I guess what moves me forward from all this is that I'm here regardless and I want to live, grow, and love before I'm no more. To belong, be fulfilled, and be at peace at the end of it all. Everybody should have the opportunity to live a full life while they're on this earth, including you. That's what motivates me at the heart of my left politics, the pursuit of that indescribable feeling of wholeness when everyone is being their best self in their best life and I did my part to make it so.
With regards to kids, you might not be having your own biological children but, as I tell myself, there are still plenty of children out there that need folks to help them like they're their own biological parents. That doesn't just extend to foster parenting but, also to the political and community side of things. Community wise, even helping the families of trusted friends with their children via babysitting.
And policy wise, people fight to see better policies so that these kids can grow up to be fulfilled adults. I guess the point in all that is that, regardless of if they're your biological children or not, helping to foster the growth of the next generation can be fulfilling in itself, by way of that feeling of wholeness I mentioned above.
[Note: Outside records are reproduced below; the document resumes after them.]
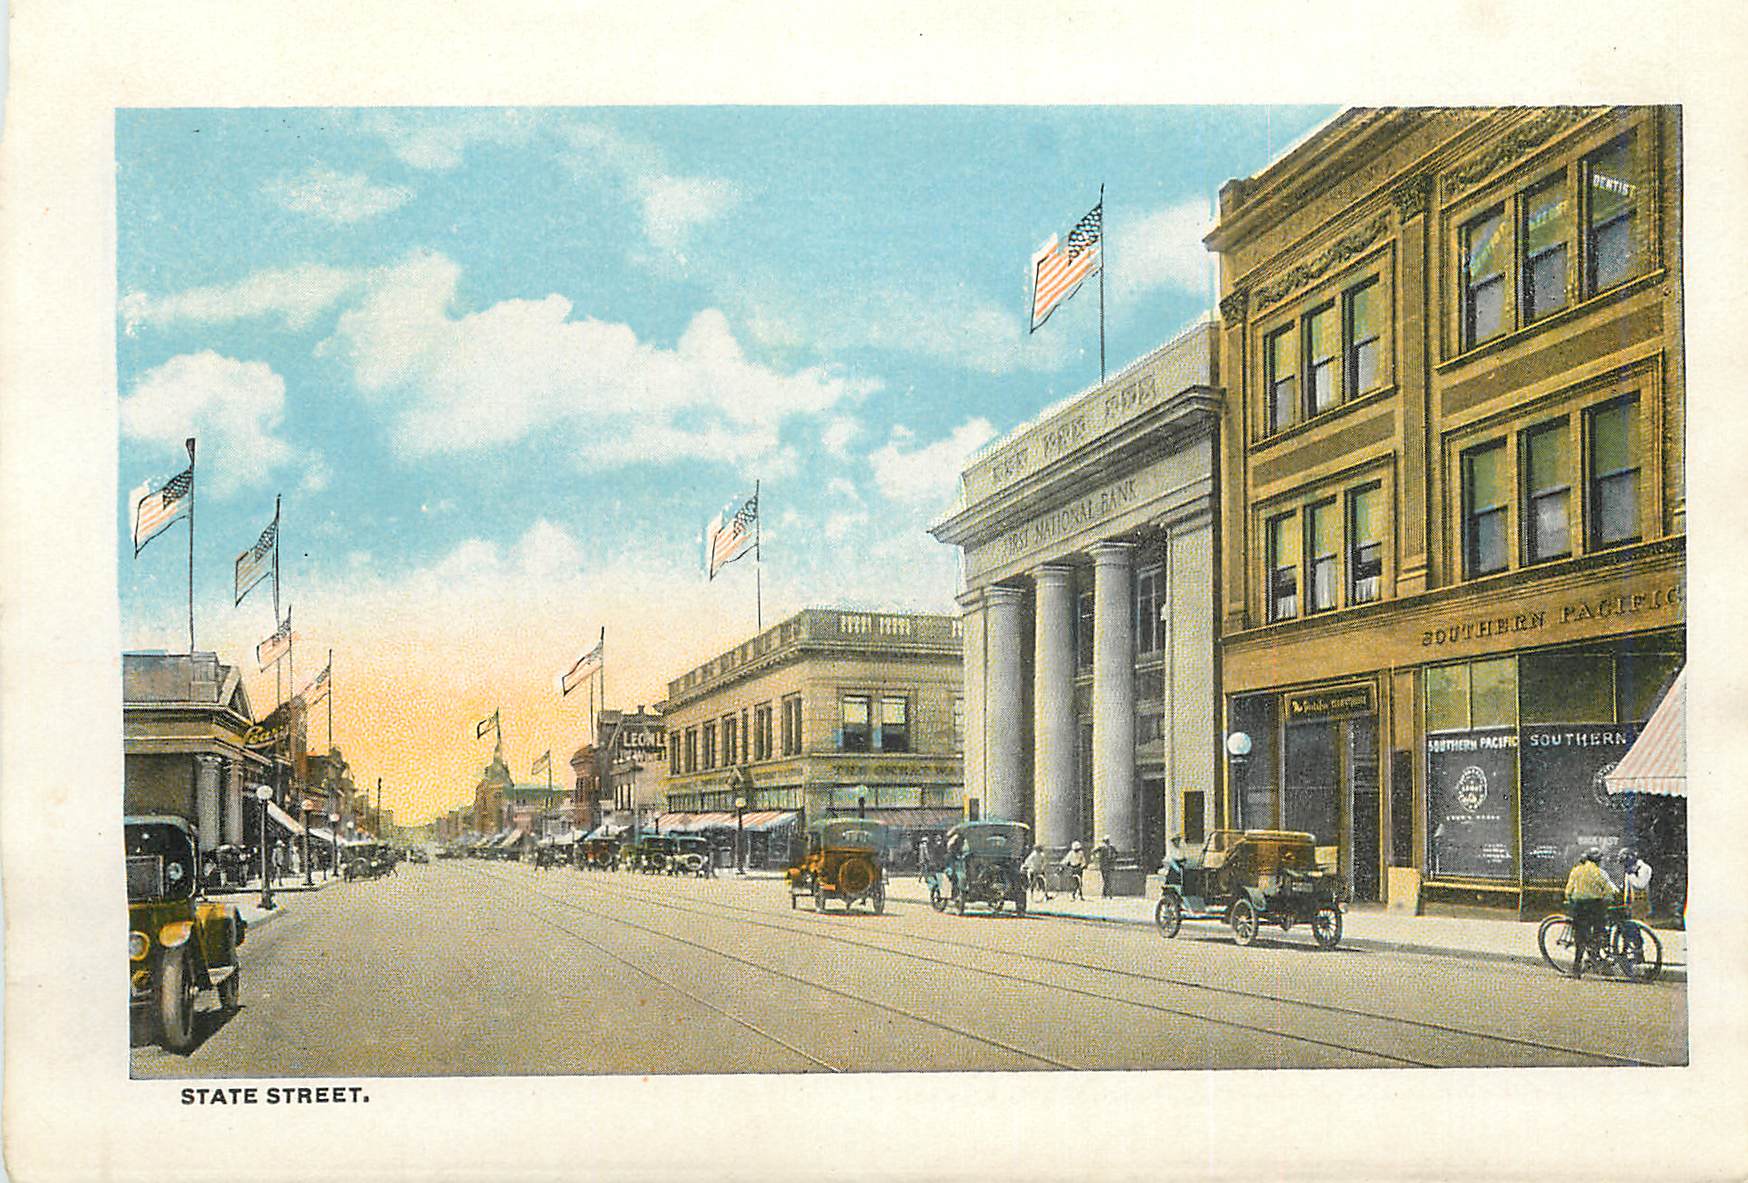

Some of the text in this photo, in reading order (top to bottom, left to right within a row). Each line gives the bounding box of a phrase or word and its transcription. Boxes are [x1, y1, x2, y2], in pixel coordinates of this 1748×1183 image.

[1592, 174, 1636, 197] DENTIST
[1035, 499, 1095, 544] NATIONAL
[1101, 479, 1137, 513] BANK
[1421, 587, 1680, 647] SOUTHERN PACIFIC
[1428, 732, 1627, 753] SOUTHERN PACIFIC SOUTHERN
First id like to say something about your parents marriage. People dont choose partners based only on the good things they have, we often (very often indeed) choose what problems we want to have. Of course, for most people they do it inconsciently. But as much as humans want to be loved in a certain way, we also want to be hated in certain ways too. Maybe your parents are just a very bad case of this, but its present in all relationships to some degree. And also, lots of relationships based on hating the other can be very durable. Im not saying its good or desirable, its just how things are.
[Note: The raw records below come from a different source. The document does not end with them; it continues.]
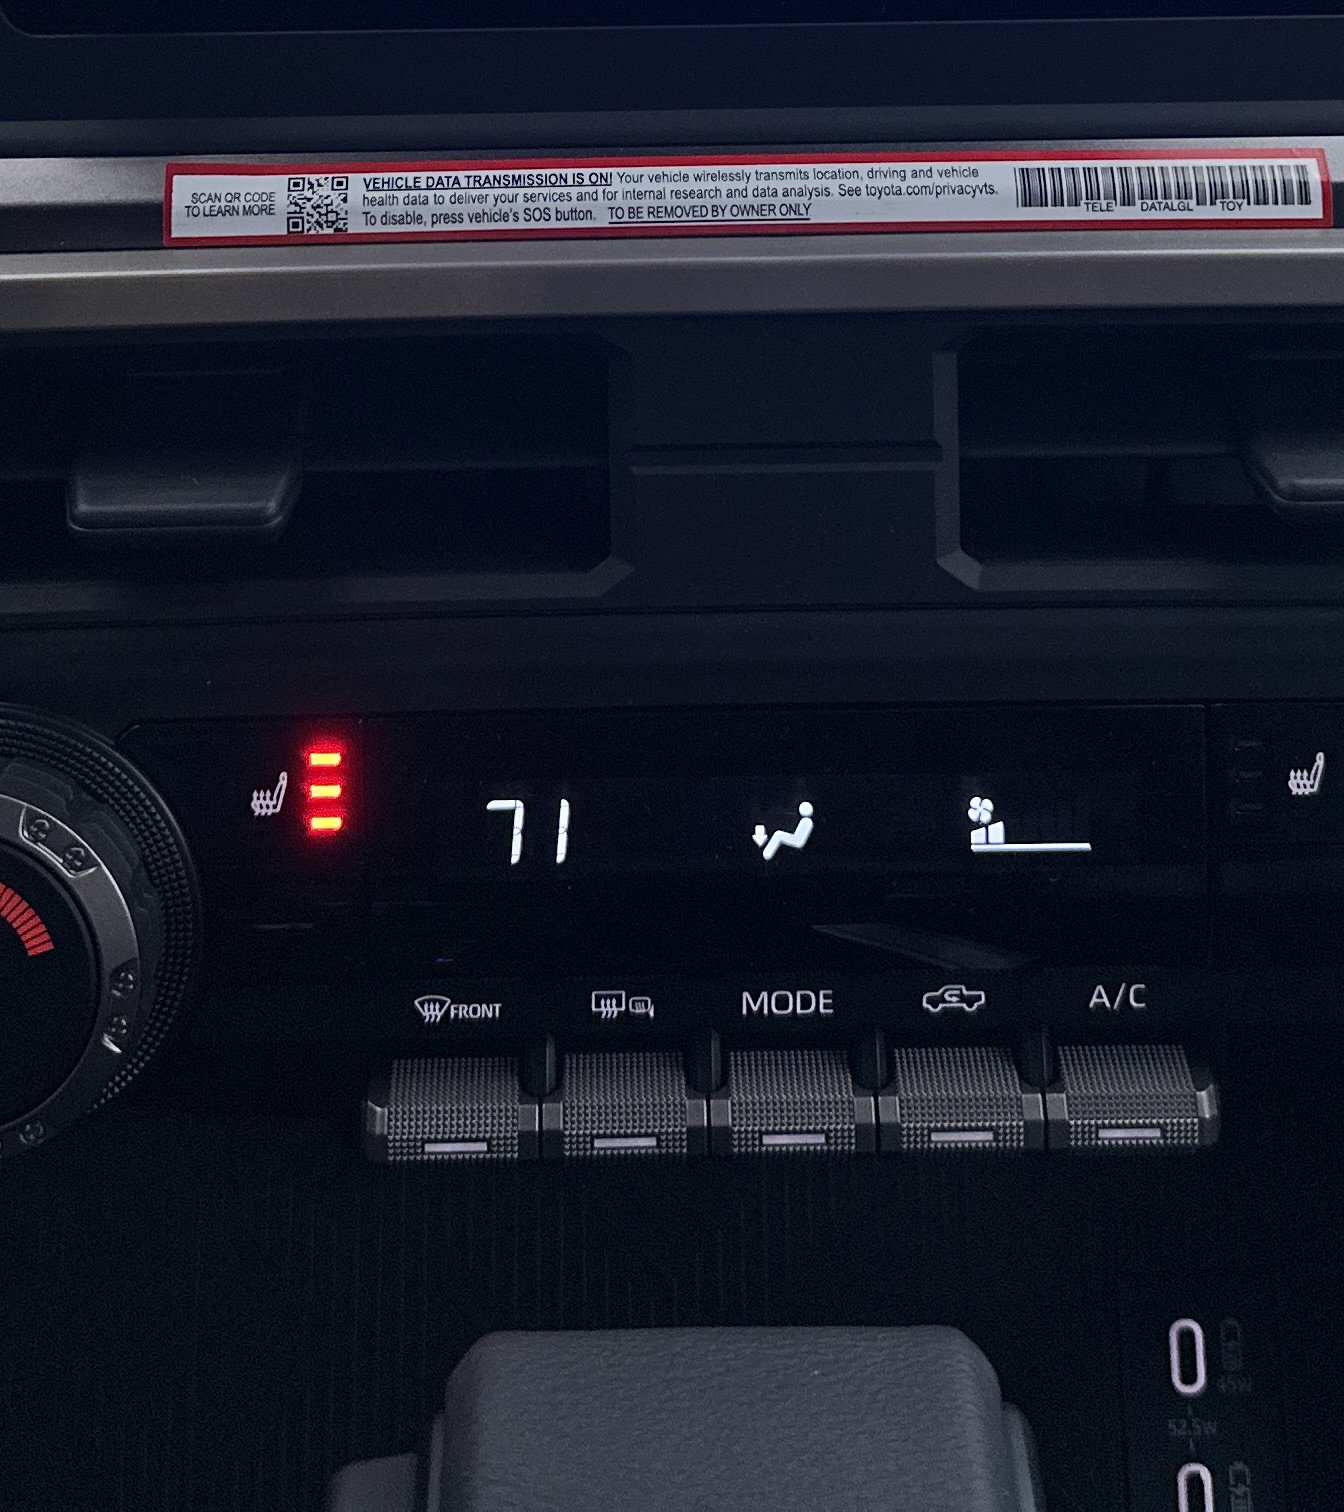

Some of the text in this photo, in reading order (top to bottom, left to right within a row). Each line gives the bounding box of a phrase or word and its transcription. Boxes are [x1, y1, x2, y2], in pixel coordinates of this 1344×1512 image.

[362, 166, 979, 190] VEHICLE DATA TRANSMISSION IS ON! Your vehicle wirelessly transmits location, driving and vehicle
[191, 191, 276, 204] SCAN QR CODE
[362, 194, 399, 207] health
[402, 193, 429, 206] data
[434, 194, 445, 205] to
[449, 192, 489, 205] deliver
[493, 192, 519, 207] your
[523, 191, 573, 203] services
[576, 189, 599, 202] and
[602, 188, 619, 201] for
[622, 187, 666, 201] internal
[669, 186, 722, 200] research
[725, 186, 748, 199] and
[751, 185, 778, 198] data
[781, 185, 834, 201] analysis.
[838, 184, 862, 197] See
[1084, 200, 1244, 212] TELE DATALGL TOY
[185, 204, 276, 218] TO LEARN MORE
[362, 202, 812, 228] To disable, press vehicle's SOS button. TO BE REMOVED BY OWNER ONLY
[486, 798, 570, 865] 71
[742, 990, 834, 1015] MODE
[1089, 983, 1147, 1010] A/C
[450, 1003, 502, 1019] FRONT
But talking about bad decisions, cheese was created because someone made a bad decision about storing milk. I rest my point about this. And another thing about you being born and raised, you really cant do it without love. You really cant parent out of just obligation.
And yes, you should think about politics too, and worry about the future too. What you are today is not only what you got from your parents, you also contain your friends, your relationships, your heroes, your enemies, the art you saw, random kind and bad strangers that you met, etc. So you are going to be passed down to the future, with or without kids.
I've had a similar experience growing up with my parents. My life is an elaborate cosmic joke, except I'm the only one that gets to hear all of it. The best I can do is laugh at it sometimes.
It sounds like you're seeking meaning for your existence. I spend my days trying to think of ways to improve conditions so that others in our position aren't as miserable, and so that hopefully, those born in the future won't have to experience what we went through. I'm not doing very well at it, but I should improve the more I try.
I don't entirely know why. I will never have children either, for similar reasons, although I have a penchant for queer sex and now feminizing HRT instead of a vasectomy. I've also recently been grieving my eternal lack of children, and the only thing that's helped has been finding existing people to nurture. Maybe redirecting my newfound parental instincts is enough. I'd like to think my drive to better the world is more than that, but I find it hard to believe my brain works on much deeper of a level, despite my best efforts. I don't think that matters too much.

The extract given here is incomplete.